■ YOUR INSTRUCTIONS
A word-for-word copy of the lines from the one holding "this 1824×1824 image." through the final line of the records below is the only output asked for.
*** DATA FOR THE TASK ***
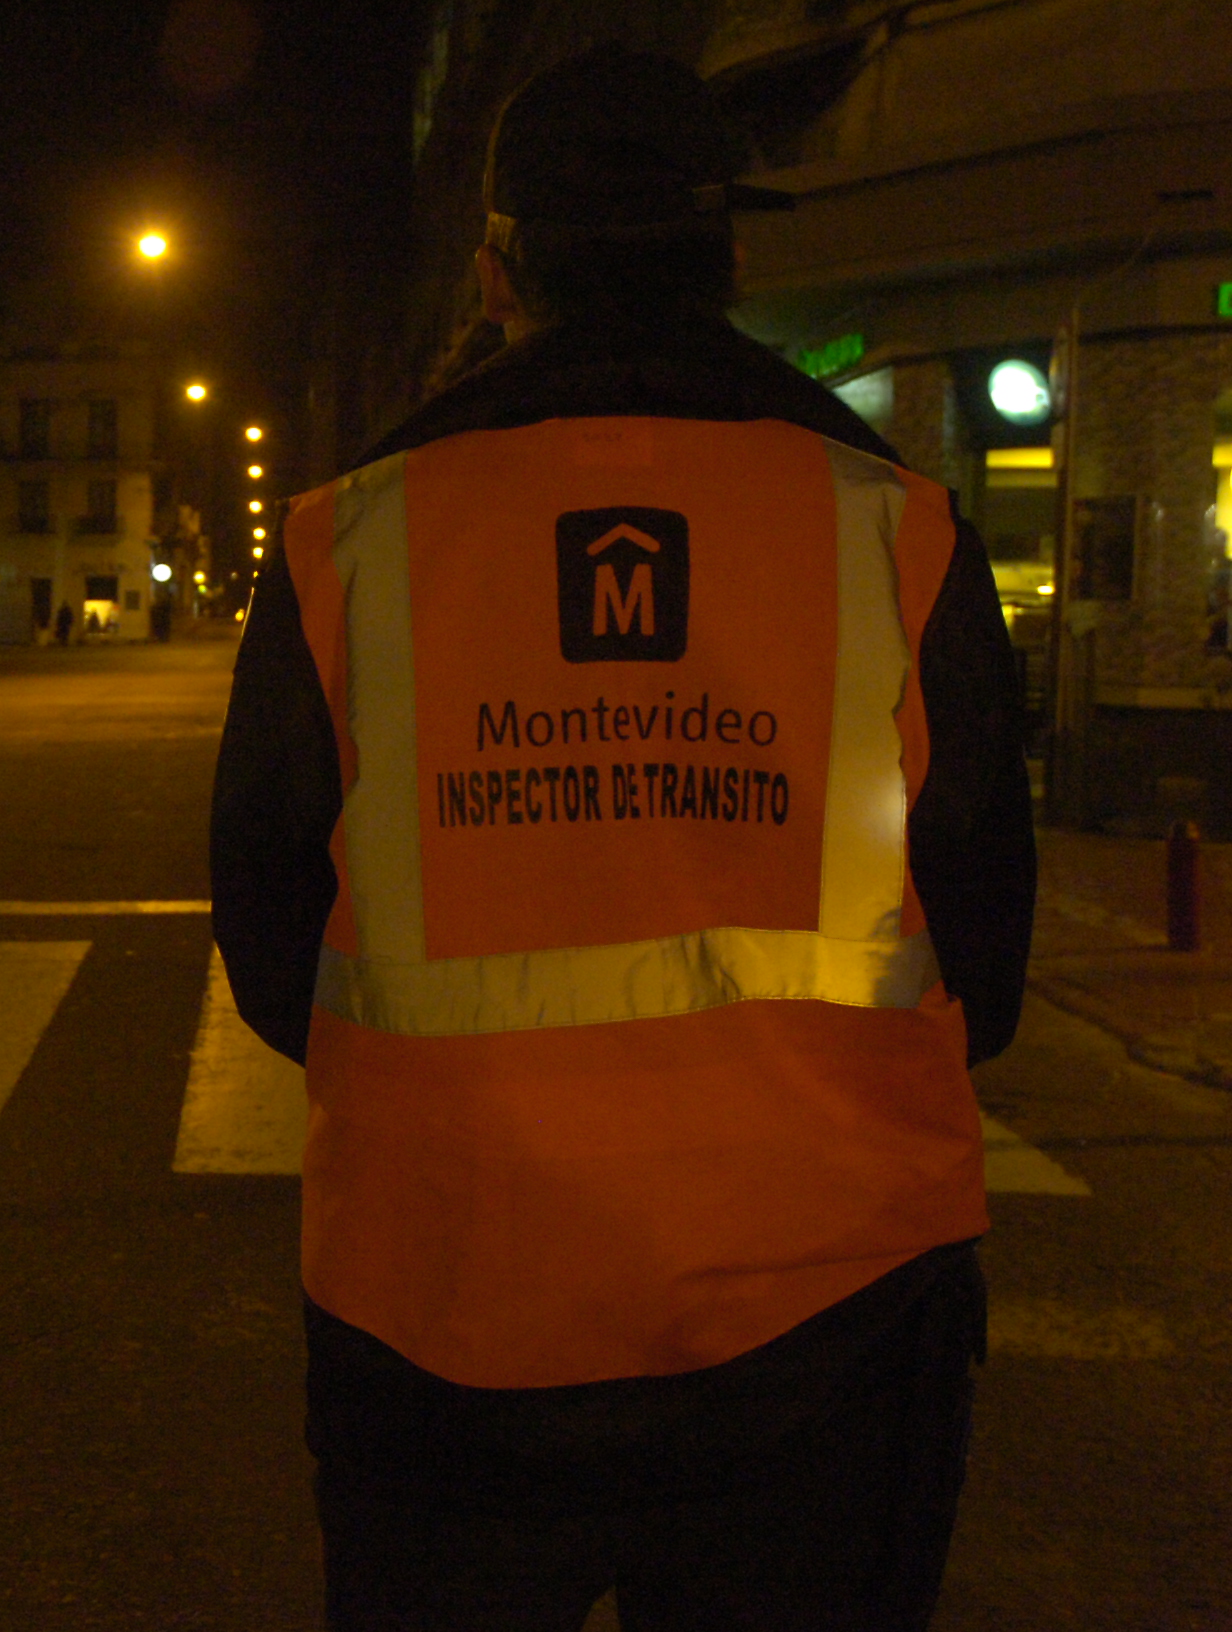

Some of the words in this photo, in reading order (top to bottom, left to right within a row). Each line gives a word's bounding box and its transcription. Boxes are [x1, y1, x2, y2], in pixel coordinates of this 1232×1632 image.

[592, 562, 656, 637] M
[476, 691, 778, 752] Montevideo
[437, 765, 602, 829] INSPECTOR
[612, 763, 641, 821] DE
[642, 763, 789, 827] TRANSITO
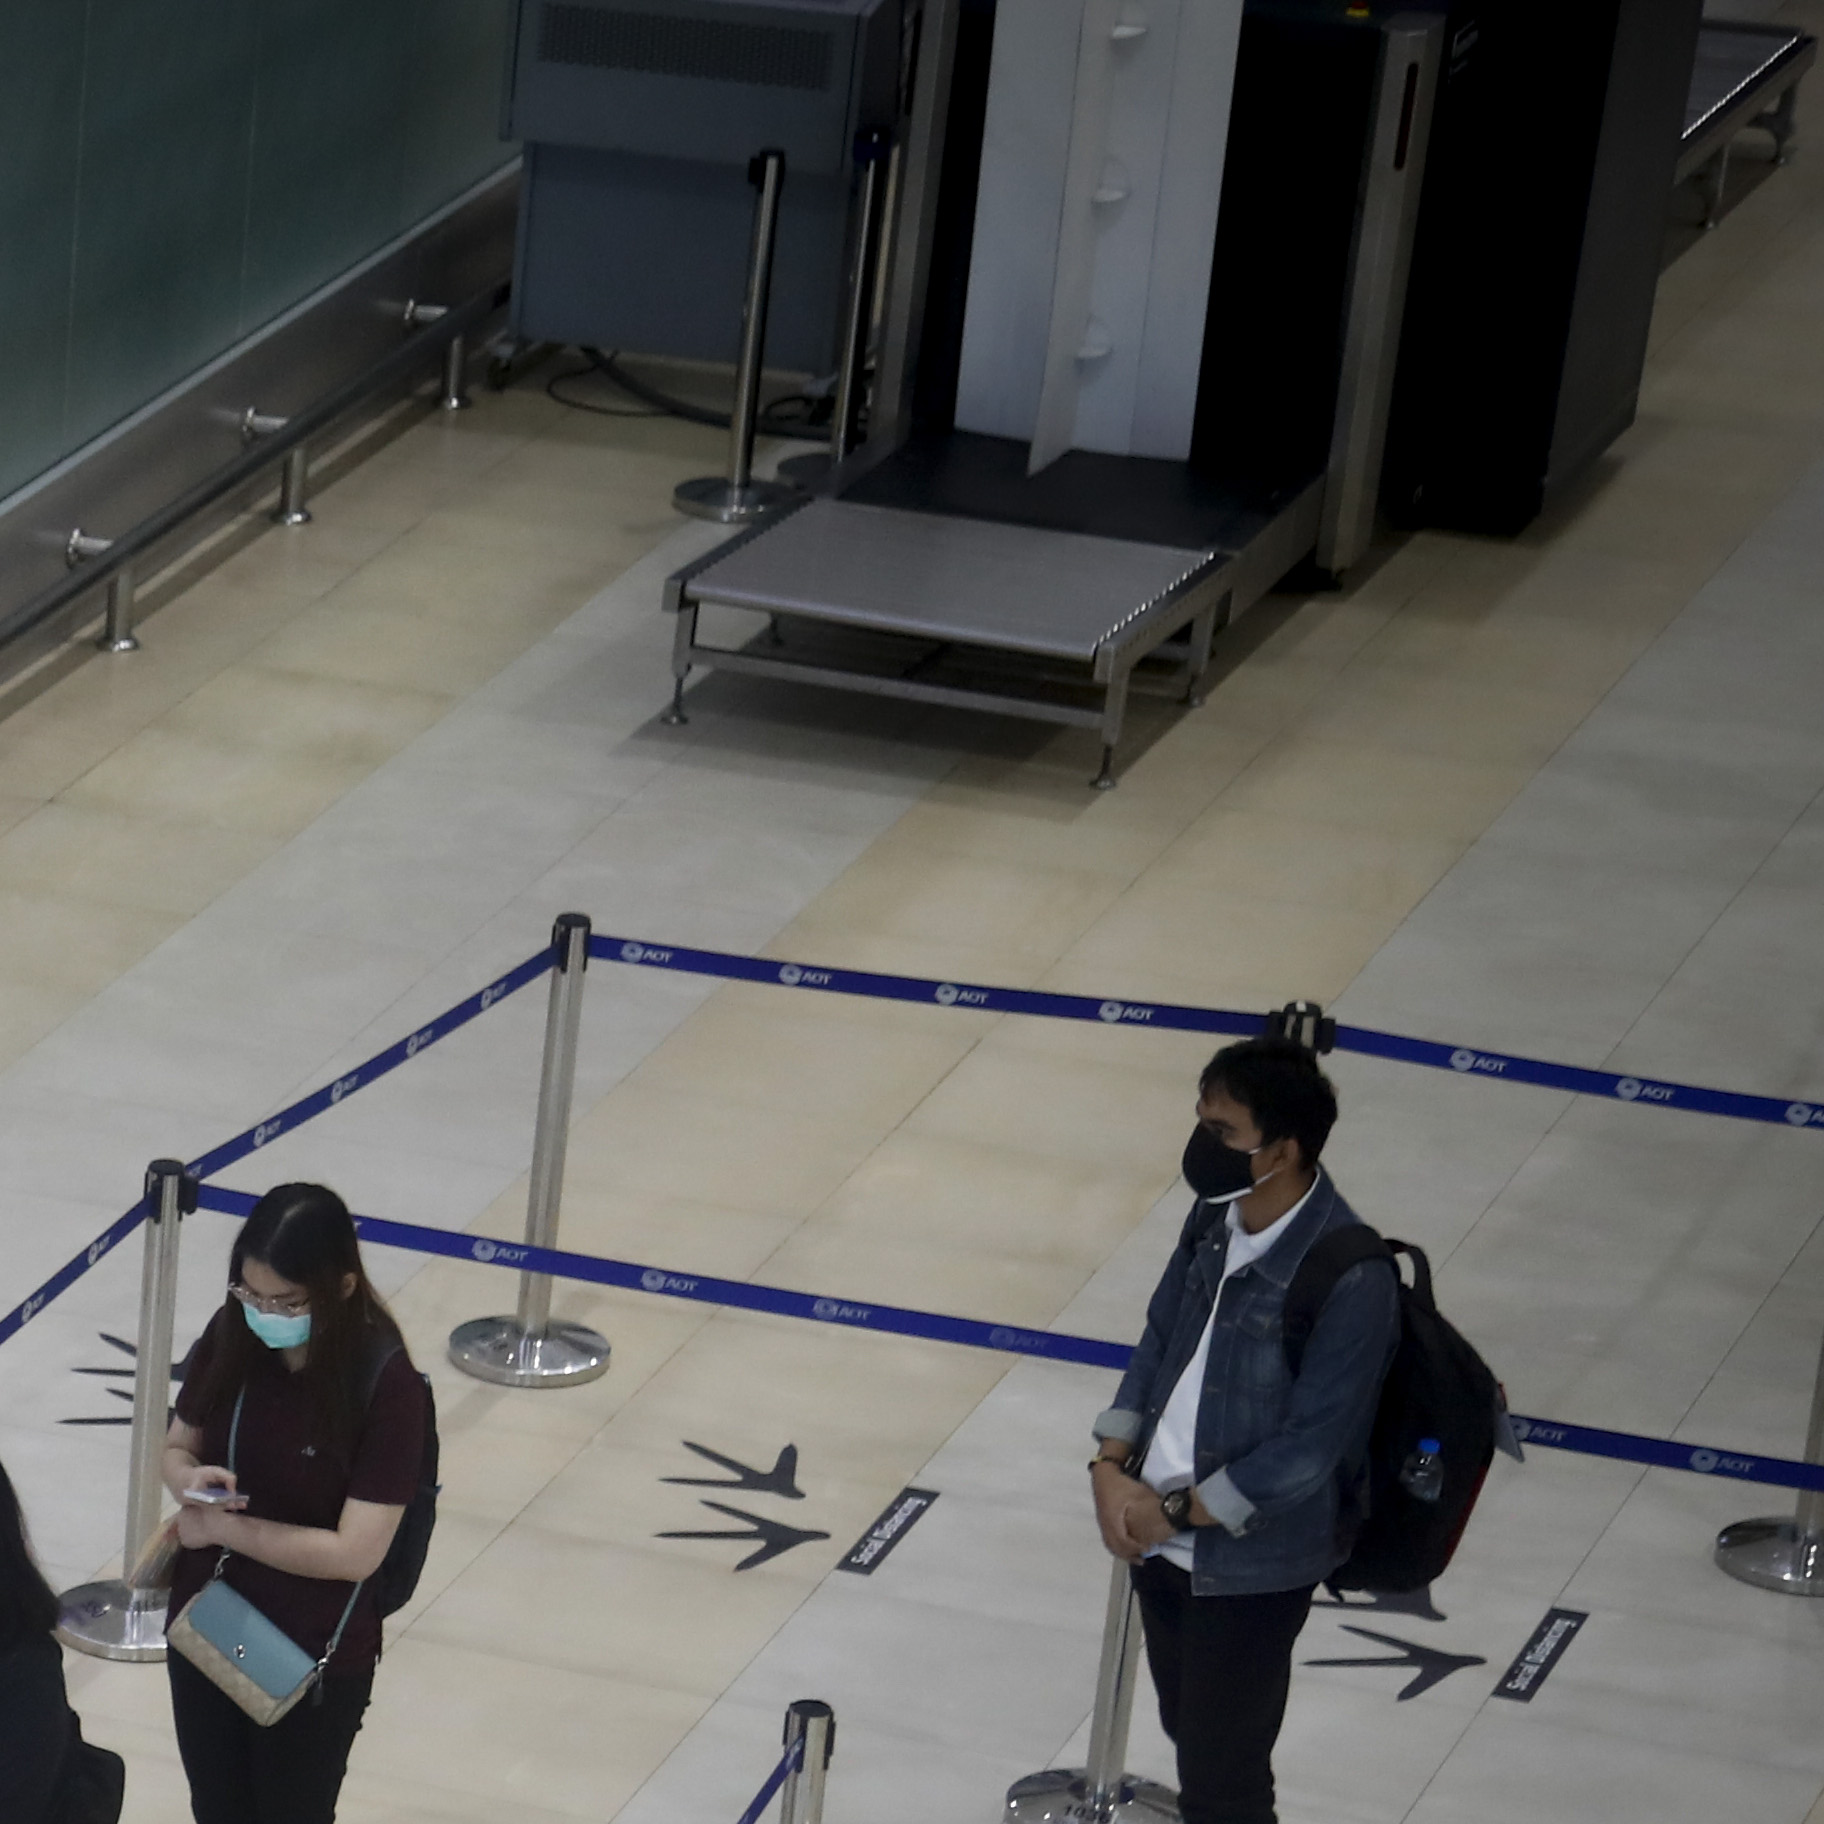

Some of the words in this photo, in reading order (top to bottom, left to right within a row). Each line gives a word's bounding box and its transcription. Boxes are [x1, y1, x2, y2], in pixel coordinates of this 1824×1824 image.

[643, 949, 672, 963] AOT
[802, 970, 832, 986] AOT
[958, 990, 989, 1004] AOT
[1122, 1005, 1154, 1020] AOT
[1473, 1056, 1507, 1073] AOT
[1640, 1085, 1675, 1101] AOT
[496, 1248, 528, 1262] AOT
[665, 1277, 698, 1294] AOT
[838, 1305, 871, 1321] AOT
[1530, 1426, 1566, 1441] AOT
[1717, 1458, 1754, 1473] AOT
*** End of DATA FOR THE TASK ***
■ SOLUTION TO THE EXERCISE
Some of the words in this photo, in reading order (top to bottom, left to right within a row). Each line gives a word's bounding box and its transcription. Boxes are [x1, y1, x2, y2], in pixel coordinates of this 1824×1824 image.

[643, 949, 672, 963] AOT
[802, 970, 832, 986] AOT
[958, 990, 989, 1004] AOT
[1122, 1005, 1154, 1020] AOT
[1473, 1056, 1507, 1073] AOT
[1640, 1085, 1675, 1101] AOT
[496, 1248, 528, 1262] AOT
[665, 1277, 698, 1294] AOT
[838, 1305, 871, 1321] AOT
[1530, 1426, 1566, 1441] AOT
[1717, 1458, 1754, 1473] AOT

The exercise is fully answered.